Capítulo uno

Londres, finales de marzo de 1815

Devon Saint James tenía problemas.

Dentro de dos días, tendría que pagar el alquiler del sótano donde vivía. El propietario, el señor Phillips, había subido la mensualidad de manera vergonzosa. Devon estaba furiosa y asustada al mismo tiempo. La habitación no era sino un cuchitril donde a duras penas cabían un taburete y una pequeña cama que había compartido con su madre hasta su muerte. Lo que era peor, el muy granuja del casero no la había informado hasta el día anterior del aumento.

—¡Monstruo ladrón! —Devon tiró con furia de los lazos de su sombrero. El mismo tratamiento recibieron las cintas de la voluminosa capa con la que cubría sus hombros. Una prenda sin duda triste y desafortunada, rematada con un dobladillo roído y desigual, y demasiado grande para una figura tan pequeña como la suya. Por uno de los lados, casi tocaba el suelo manchado de cerveza. Pero cumplía con su propósito, como lo hacía el resto de su ropa, y por ello le estaba agradecida.
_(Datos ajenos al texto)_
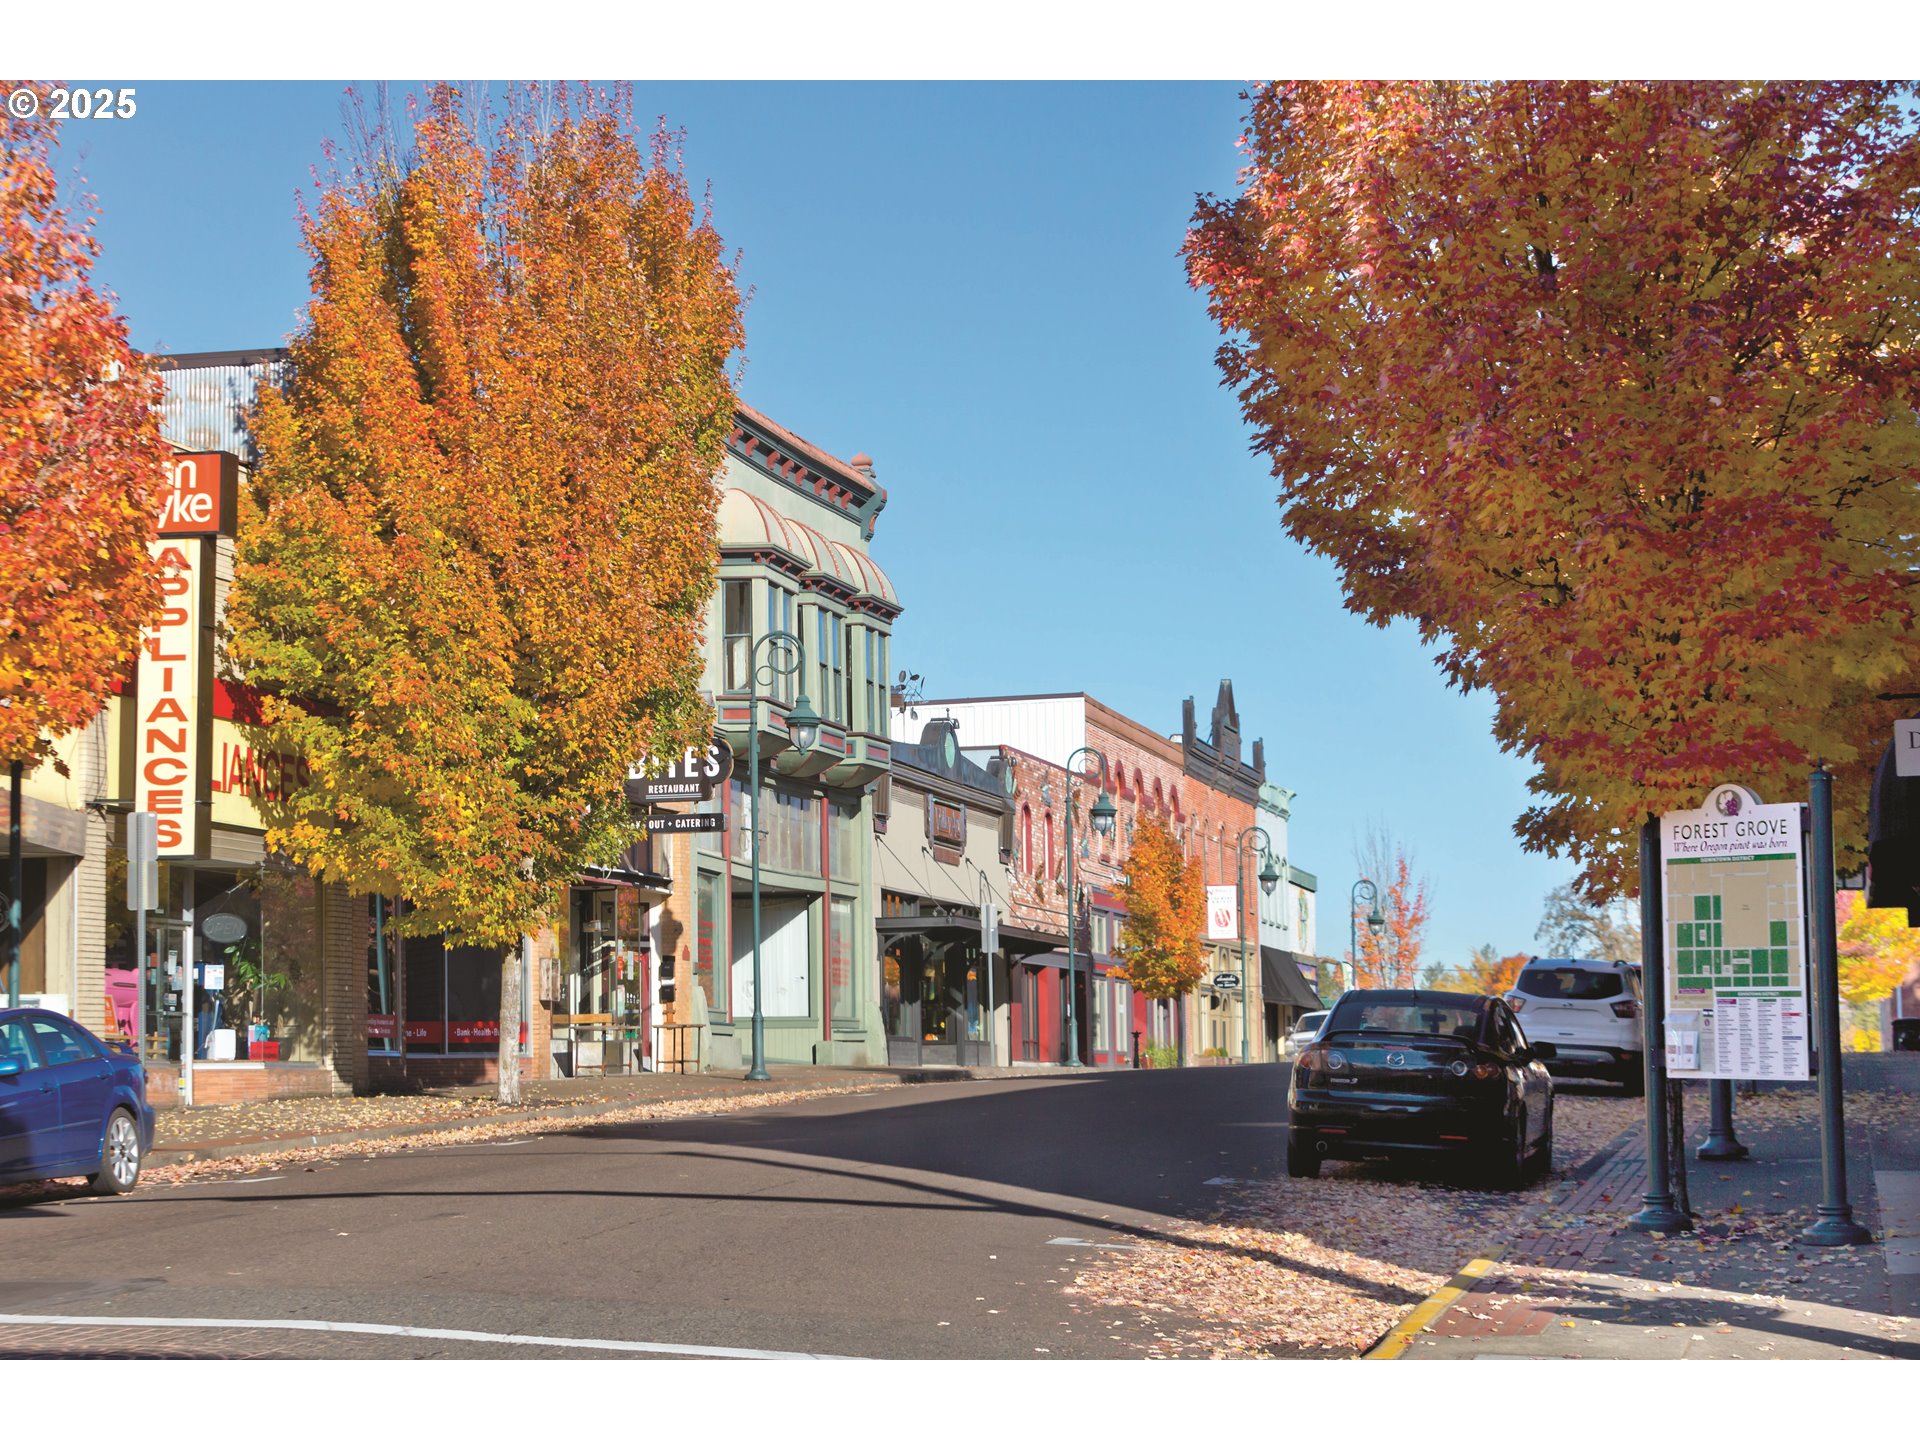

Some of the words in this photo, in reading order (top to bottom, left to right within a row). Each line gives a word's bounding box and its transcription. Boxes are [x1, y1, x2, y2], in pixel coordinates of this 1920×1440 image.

[648, 783, 700, 794] RESTAURANT
[648, 819, 665, 829] OUT
[675, 818, 716, 829] CATERING
[1673, 822, 1728, 840] FOREST
[1735, 819, 1787, 837] GROVE
[1673, 841, 1698, 853] Where
[1700, 840, 1728, 854] Oregon
[1729, 839, 1750, 853] pinot
[1752, 841, 1766, 849] was
[1769, 837, 1788, 848] born
[456, 1028, 471, 1037] Bank
[473, 1028, 492, 1037] Health
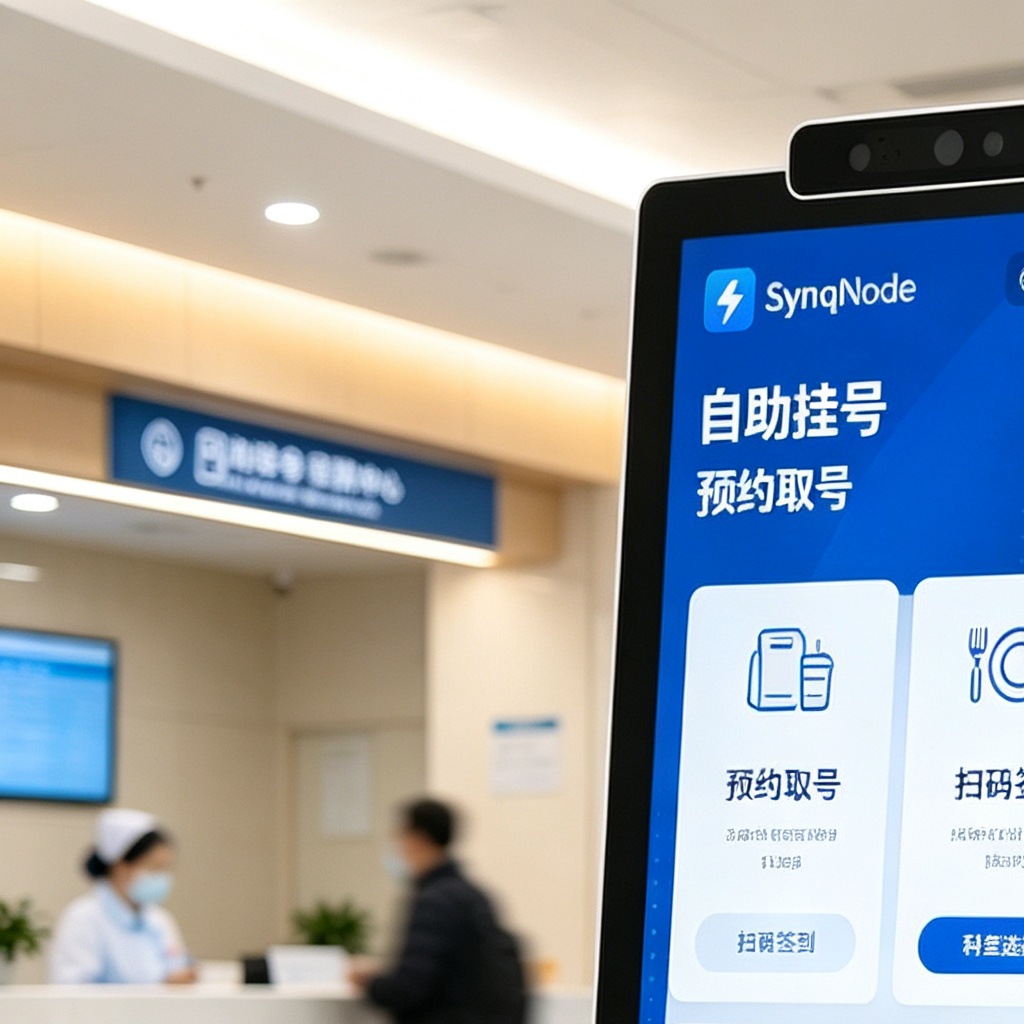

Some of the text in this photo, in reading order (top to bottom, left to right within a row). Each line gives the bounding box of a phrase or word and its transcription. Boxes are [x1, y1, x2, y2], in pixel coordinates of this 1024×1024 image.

[765, 273, 917, 318] SynqNode
[702, 380, 887, 445] 自助挂号
[696, 465, 853, 518] 预约取号
[725, 768, 841, 801] 预约取号
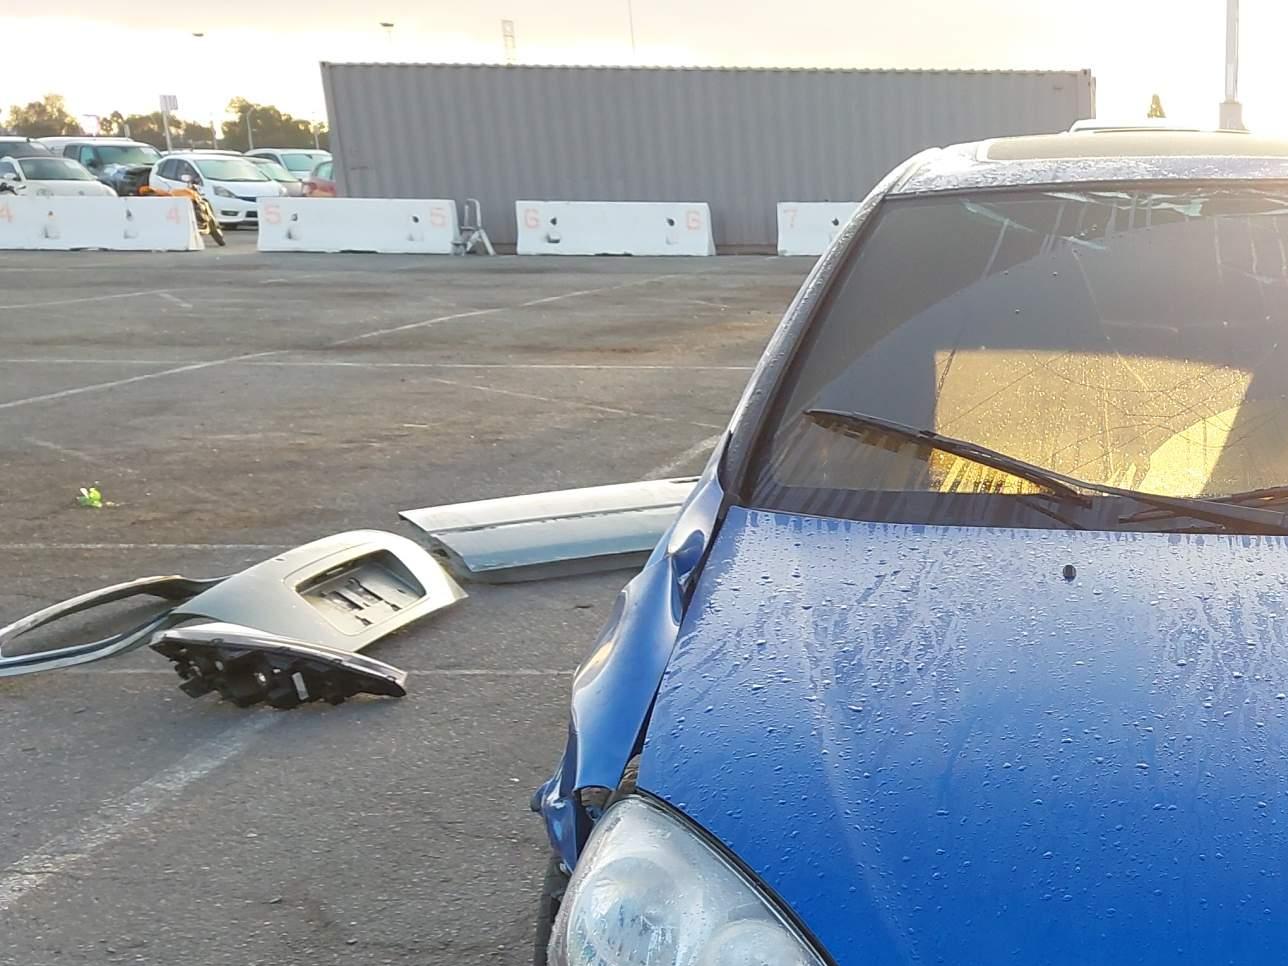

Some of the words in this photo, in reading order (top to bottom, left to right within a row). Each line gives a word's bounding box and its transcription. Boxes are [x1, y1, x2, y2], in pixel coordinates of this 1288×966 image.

[166, 205, 180, 224] 4
[264, 204, 281, 224] 5
[431, 207, 446, 227] 5
[524, 209, 539, 229] 6
[686, 210, 701, 230] 6
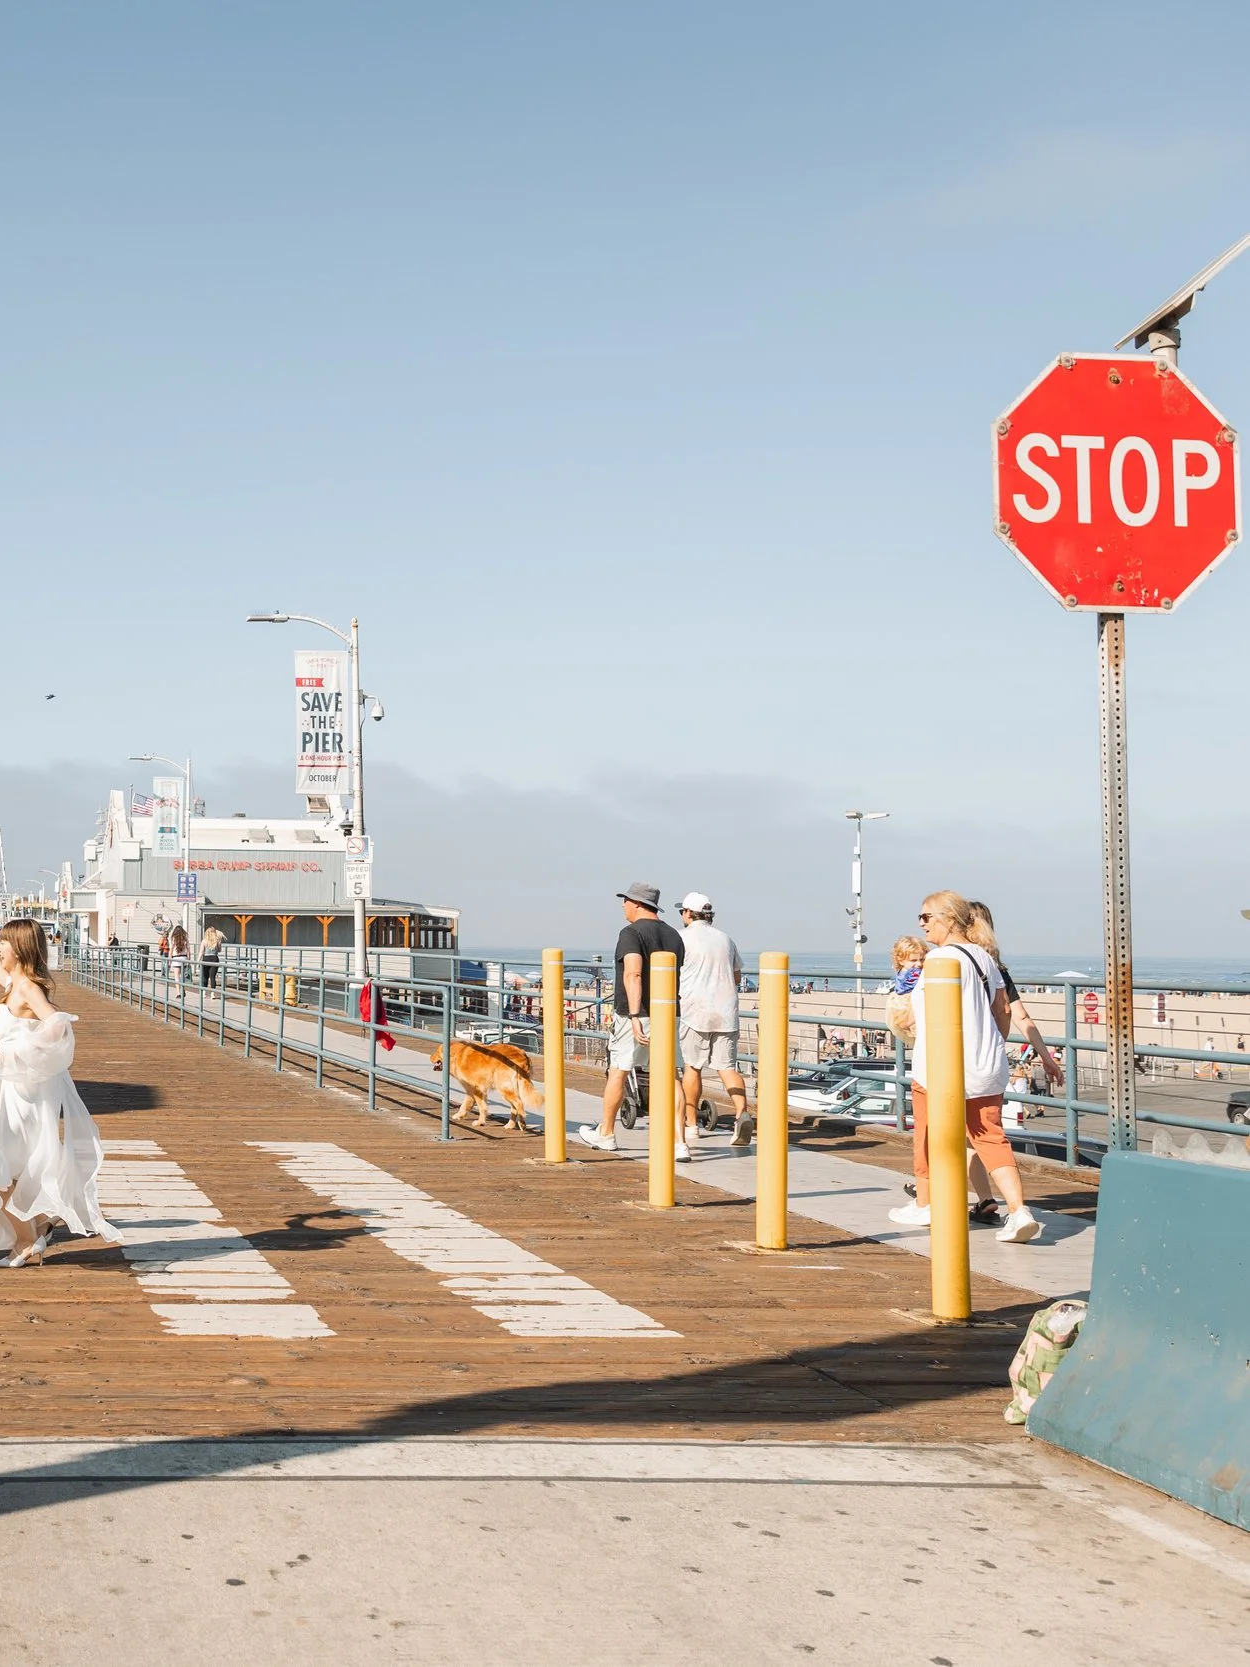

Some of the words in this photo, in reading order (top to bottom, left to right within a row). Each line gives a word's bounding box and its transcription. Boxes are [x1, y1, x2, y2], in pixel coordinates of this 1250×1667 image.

Con cuidado, pasó la mano por el bulto redondo de su barriga, y se paró en la entrada trasera del Crow's Nest, la taberna cercana a Strand donde trabajaba. Cerró con firmeza la puerta al salir, y se topó con la niebla y la humedad de la noche. No había noche en la que no tuviera miedo de cruzar los oscuros pasadizos que había en el camino de vuelta a casa. Esa noche era aún más tarde de lo habitual, porque el último cliente se había caído de la barra. En un intento por tranquilizarse, se recordó a sí misma que hacía ya un año que recorría el mismo trecho sin que nunca le hubiese ocurrido nada.

Un año. Dios bendito, un año.

La debilidad venció a su alma por un breve instante. Dios mío, era como si hubiese pasado toda una vida desde entonces. La muerte de su madre fue como un cuchillo clavado en el centro de su corazón. De hecho, pensó con tristeza, había veces en las que se sentía desfallecer. Pero algo dentro de ella le decía que no podía resignarse a ser siempre una camarera. Su madre odiaba que trabajase allí, y ella también. No, no abandonaría sus sueños. Estaba más segura que nunca. Algún día encontraría la manera de salir de Saint Giles. Algún camino.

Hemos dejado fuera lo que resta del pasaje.